Quelle que soit l'interprétation correcte, le dépôt de la plainte montre comment le Texas entend poursuivre son action antitrust. En effet, l’État est convaincu que Google a conclu des arrangements en coulisses, tels qu'un "accord de faveur" avec Facebook, pour se donner un avantage déloyal sur la concurrence. Par ailleurs, les documents déposés par Google révèlent davantage de détails sur "Jedi Blue", un accord secret présumé dans le cadre duquel Google aurait garanti que Facebook remporterait un pourcentage fixe de contrats publicitaires pour lesquels le géant des médias sociaux faisait une offre.
Selon les documents découverts par MLex, une section non expurgée du dossier révèle que l'accord aurait été signé par Philipp Schindler, vice-président senior et directeur commercial de Google, et Sheryl Sandberg, directrice de l'exploitation de Facebook, entre autres. Dans sa réponse au tribunal, initialement non expurgée, Google aurait reconnu avoir accepté de faire des « efforts commercialement raisonnables » pour garantir que Facebook puisse identifier une majorité d'utilisateurs dans les enchères publicitaires.

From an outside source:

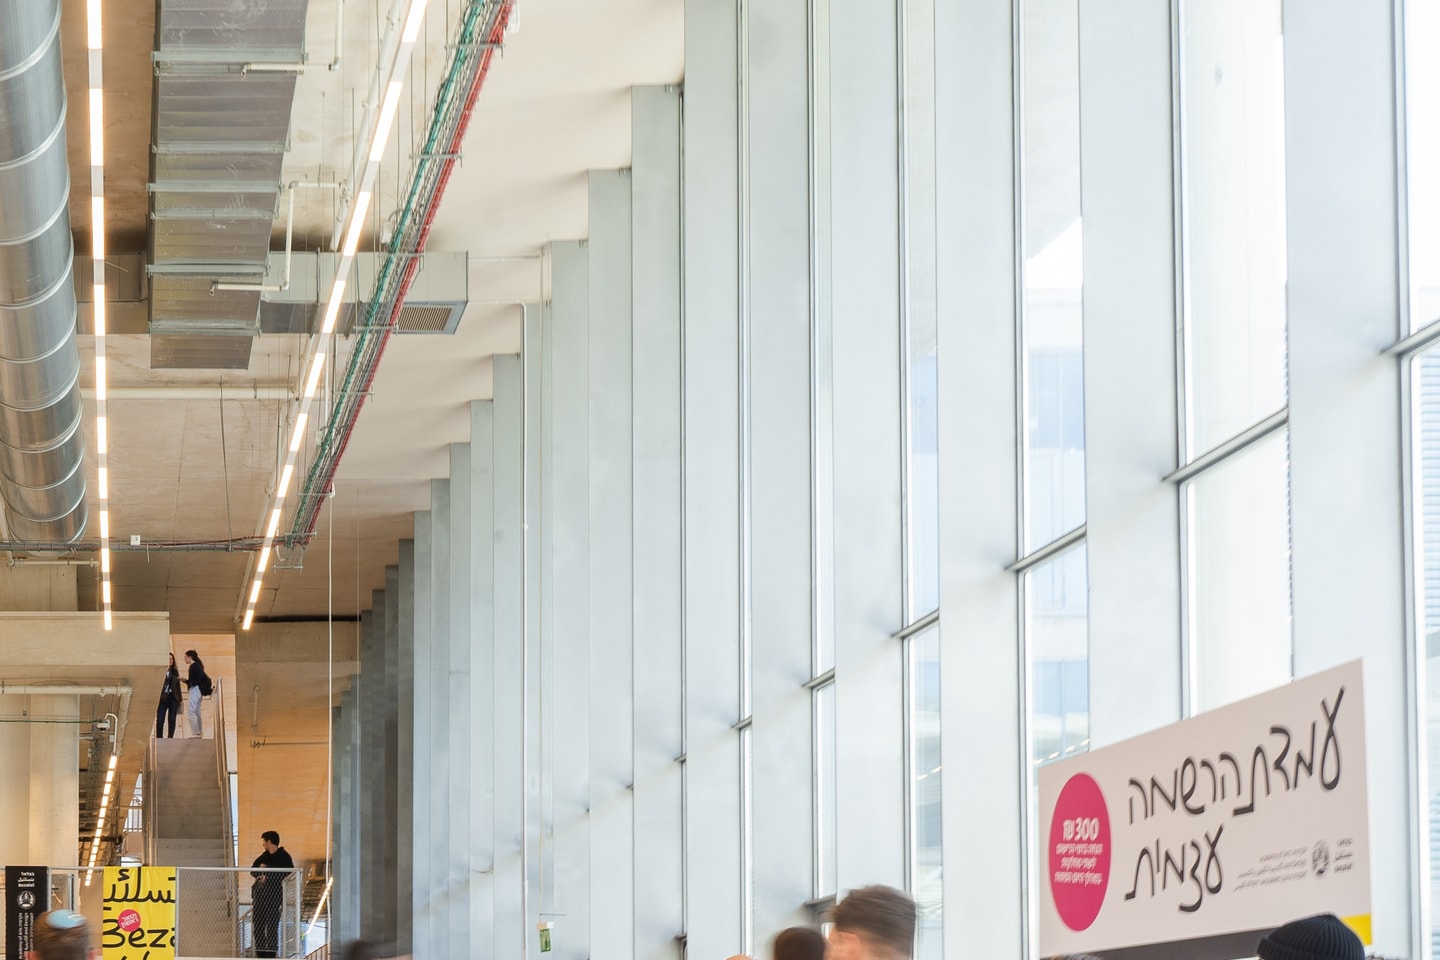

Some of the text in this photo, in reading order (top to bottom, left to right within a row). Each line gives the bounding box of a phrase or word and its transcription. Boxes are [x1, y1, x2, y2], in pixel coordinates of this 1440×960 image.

[1127, 684, 1346, 825] עמדת הרשמה
[1123, 823, 1225, 913] עצמית
[102, 919, 176, 948] Bez

Google aurait également admis que l'accord exigeait de Facebook qu'il dépense 500 millions de dollars ou plus dans les enchères Ad Manager ou AdMob de Google au cours de la quatrième année du pacte, et que Facebook s'engageait à faire des efforts pour remporter 10 % des enchères dans lesquelles il concourait, selon les parties non expurgées des documents. L'arrangement semblait « permettre à Facebook d'enchérir et de gagner plus souvent dans les enchères ».
En janvier, Google s'est exprimé au sujet de son entente avec Facebook sur le marché de la publicité, en qualifiant la plainte du procureur du Texas d’erronée. « La technologie publicitaire aide les sites Web et les applications à gagner de l'argent et à financer du contenu de haute qualité. Elle aide également nos partenaires publicitaires, dont la plupart sont de petits commerçants, à atteindre les clients et à développer leurs activités », a dit Google.
Alors que, selon les documents mal expurgés, Google aurait gardé secret pour les éditeurs et autres concurrents le projet Bernanke, la société a déclaré en janvier :
« Nous avons travaillé pour être ouverts et directs avec le secteur sur les améliorations que nous apportons à nos technologies. Nous essayons de faire ce qu'il faut en équilibrant les préoccupations des éditeurs, des annonceurs et des personnes qui utilisent nos services. Nos rivaux en technologie publicitaire et nos grands partenaires peuvent ne pas toujours aimer chaque décision que nous prenons. Nous ne pourrons jamais plaire à tout le monde. Mais ce n’est guère une preuve d’actes répréhensibles et certainement pas une base crédible pour une action en justice antitrust ».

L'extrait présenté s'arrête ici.